The current complex began to take shape in 1968. As the Sportpaleis, originally designed as an indoor velodrome, and its three annexes were completed in 1970. The official opening of the Sportpalais took place during Six Days of Rotterdam, a six-day track cycling race, and was in the presence of the Prince Claus on 15 January 1971. However, in September 1970, the first fair, the Femina Fashion and Household Fair, already took place before the official opening, in the Ahoy Halls. The complex's striking design won various national and international awards. The design of the venue took inspiration from the relation of the Dutch people and the water, with the building laid out like a ship.

Due the high demands, two further halls were added to the complex in 1980. The main arena was converted into a multi-use arena in 1988, when the arena's cycling track was dismantled, due to disuse, in order to increase the capacity of the arena, which is still in demand for shows and other types of events. In 1998, the complex was expanded again to include a sixth event hall and a main reception hall (known as the plaza) designed by the architectural firm Benthem Crouwel. Another expansion take offices, catering facilities as well as smaller conference and meeting rooms were built. The main entrance to the Sportpaleis was also redesigned and the concrete footbridge from the Zuidplein (which was connected to a shopping centre and metro station) was demolished. The bridge was partly removed, so that it now ended at a staircase that led to the square in front of the reception hall. The demolition of the last section started on 3 March 2017, after the bridge had become unsafe due to a truck colliding with one of the bridge's girders earlier that week.

In 2005, a (now removable) cycling track was built in Ahoy for the revived Six Days of Rotterdam racing event. The main arena building was comprehensively modernised between 2010 and 2011. The arena's overall capacity was increased, the capacity was increased by 5,000 (from 10,500) and could now hold around 15,000 spectators following the installation of new grandstands and extra seating.
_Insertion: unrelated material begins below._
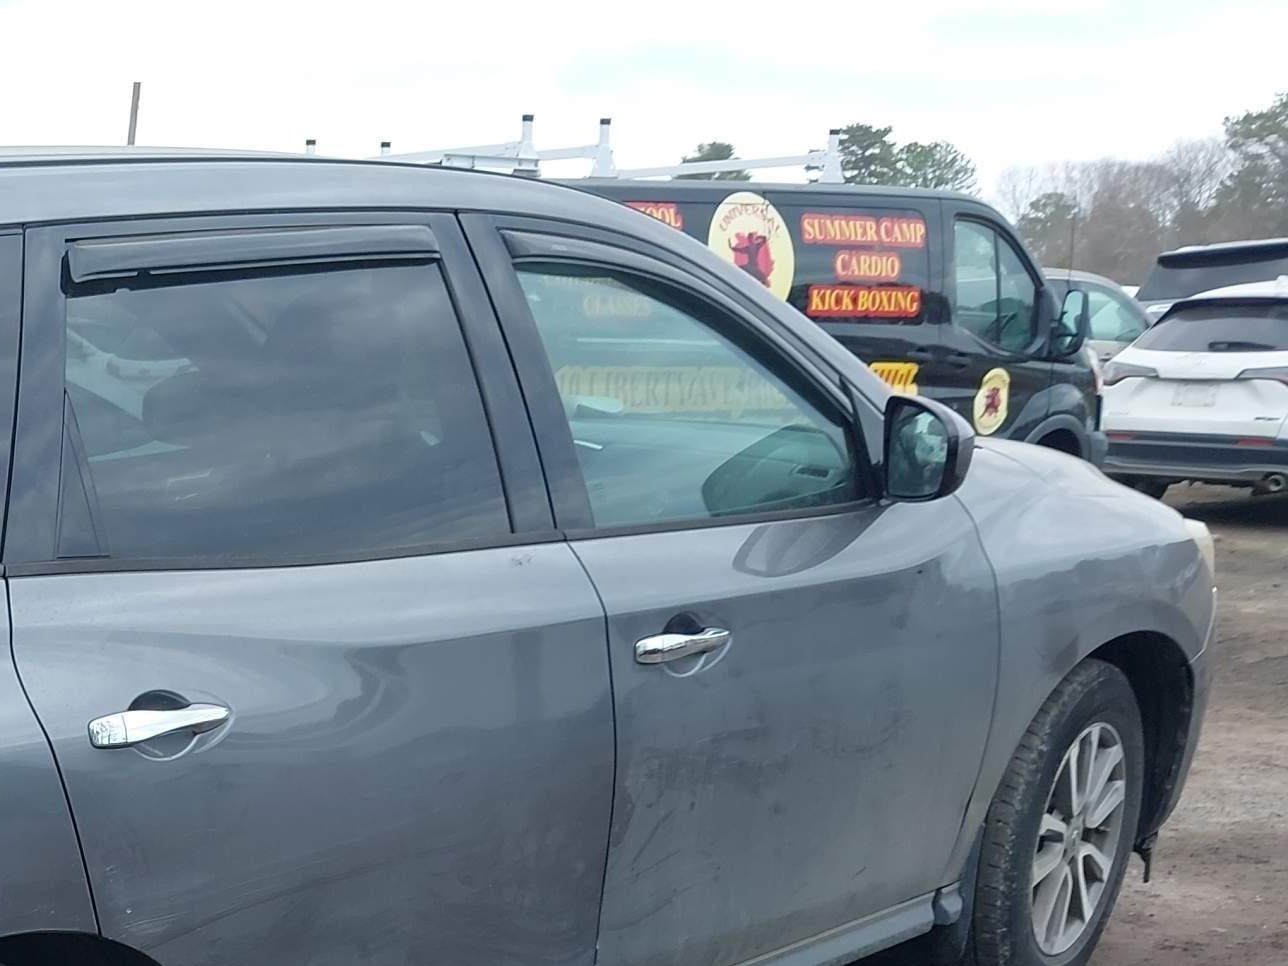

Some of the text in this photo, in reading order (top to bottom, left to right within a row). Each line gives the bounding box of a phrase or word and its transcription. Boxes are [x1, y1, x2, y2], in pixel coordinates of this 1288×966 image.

In addition to the new grandstands, Dutch lighting company Signify installed a new custom-made 1,000 m^{2} LED screen wall on the facade of the arena.

In 2017, it was announced that a Pathé cinema would also be built adjacent to the forecourt. The artists' entrance to the main arena was renamed "Door Duncan" in 2020, in honor of Duncan Laurence (who was born in nearby Spijkenisse) who in brought the Netherlands its first victory in the Eurovision Song Contest since 1975. Since April 2021, the complex has been equipped with 5,200 solar panels which supply large events with sustainable energy 195 days a year. In December 2023, construction of a new parking garage began on Ahoy's old P3 parking lot. The new garage, in between the new Ibis hotel and Ahoy forecourt, has room for 628 cars and was expected to be completed in the last quarter of 2024.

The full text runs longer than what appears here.